A team of UB biomedical engineers, cardiovascular specialists and neurosurgeons are working together to create and use custom-made models of the human vascular system. “We can take the same anatomy that we find in a patient, 3D print it and then perform these procedures whether to test a new device, test a new strategy or devise a treatment strategy for a particular patient,” said Adnan Siddiqui, MD, PhD, professor of neurosurgery. Vijay S. Iyer, MD, PhD, clinical associate professor of medicine in the Division of Cardiovascular Medicine, was also interviewed.
John A. Sellick Jr., DO, professor of medicine in the Division of Infectious Diseases, was interviewed about the consequences of refusing to receive a flu shot. “This year the circulating strains of influenza virus appear to be well-matched with the vaccine strains, but we will not know the ultimate efficacy until the season is over,” he said.

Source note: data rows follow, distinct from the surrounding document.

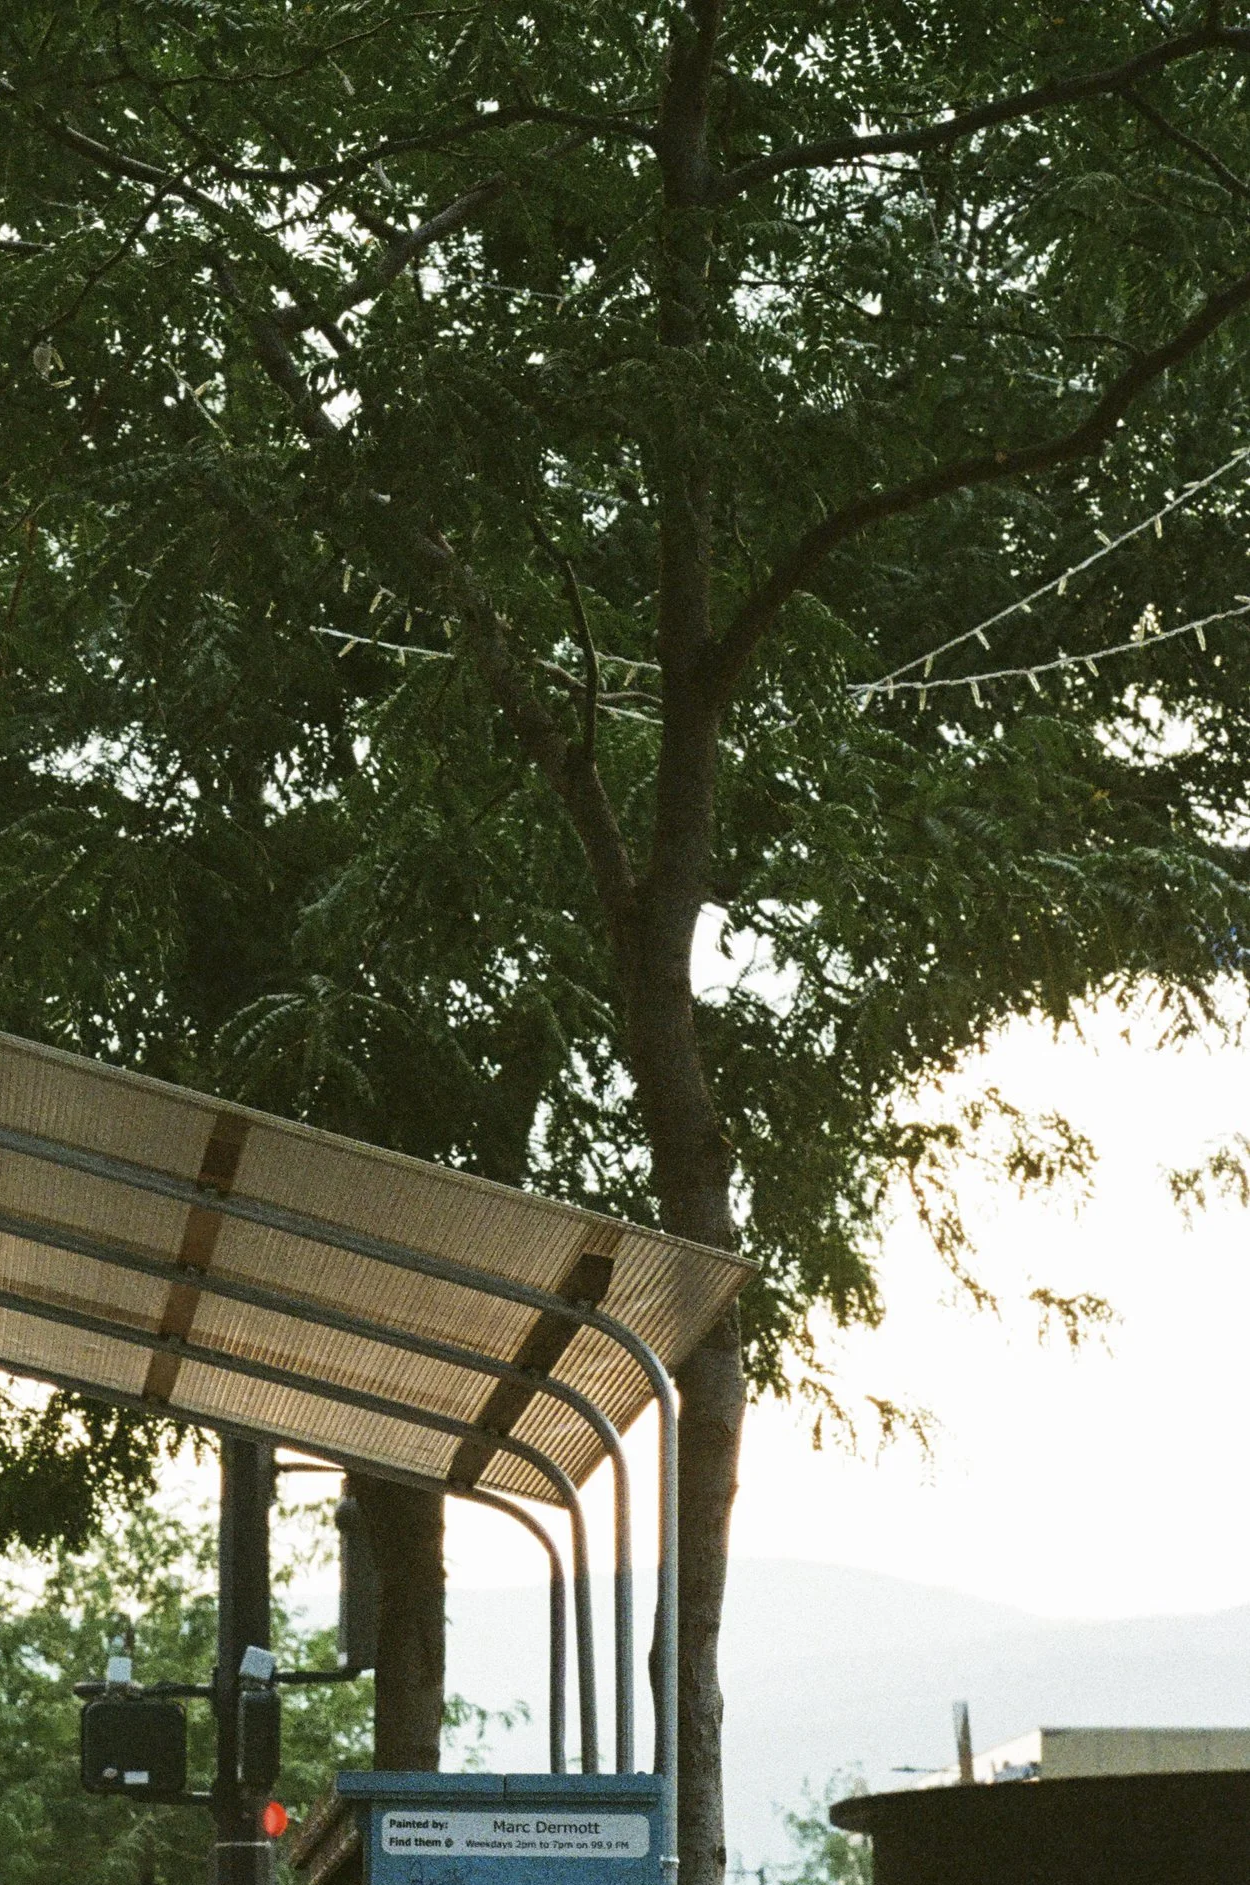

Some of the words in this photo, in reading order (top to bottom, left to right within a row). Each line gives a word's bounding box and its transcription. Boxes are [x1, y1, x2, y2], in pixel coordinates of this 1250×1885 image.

[389, 1819, 429, 1829] Painted
[431, 1819, 449, 1831] by:
[493, 1821, 531, 1834] Marc
[536, 1821, 601, 1834] Dermott
[389, 1837, 411, 1847] Find
[414, 1837, 442, 1847] them
[465, 1840, 513, 1849] Weekdays
[515, 1840, 537, 1850] 2pm
[539, 1840, 550, 1849] to
[553, 1840, 574, 1850] 7pm
[576, 1842, 588, 1850] on
[615, 1841, 630, 1850] FM

An article about a new study that found the presence of fungi and bacteria in vape juice and e-cigarette cartridges interviews Sanjay Sethi, MD, professor of medicine and chief of pulmonary, critical care and sleep medicine, who said the findings are “interesting, but not surprising.” The article notes that he would like to see further research elaborating on how the levels of endotoxin and glucan in e-cigarettes stack up against those in traditional cigarettes, which he says would give the results more context, adding, however, he agrees the current study’s findings are another reason for concern about e-cigarettes.
An article on research that showed that using cognitive-behavioral therapy delivered by phone or online leads to improvements in patient-reported outcomes in irritable bowel syndrome interviews Jeffrey M. Lackner, PsyD, professor of medicine, chief of behavioral medicine and director of the Behavioral Medicine Clinic. “Patients with some of the most challenging, complex GI symptoms can achieve very real improvements in IBS symptoms that do not respond to standard conventional treatments,” he said.
A story about the various illnesses that are going around now that the weather is becoming more spring-like interviews Stanley A. Schwartz, MD, PhD, UB Distinguished Professor of medicine and pediatrics. “The spring’s a funny time,” said Schwartz, chief of the Department of Medicine’s Division of Allergy, Immunology and Rheumatology. “In the springtime there are a whole bunch of different viruses that become very prevalent. Most of them are harmless ... harmless in the sense that they're not going to kill you, but you may feel like you're going to die.”
An article spotlights the work of Paresh Dandona, MD, PhD, SUNY Distinguished Professor of medicine and chief of endocrinology, diabetes and metabolism, and his colleagues at the Diabetes-Endocrinology Center of Western New York in Amherst.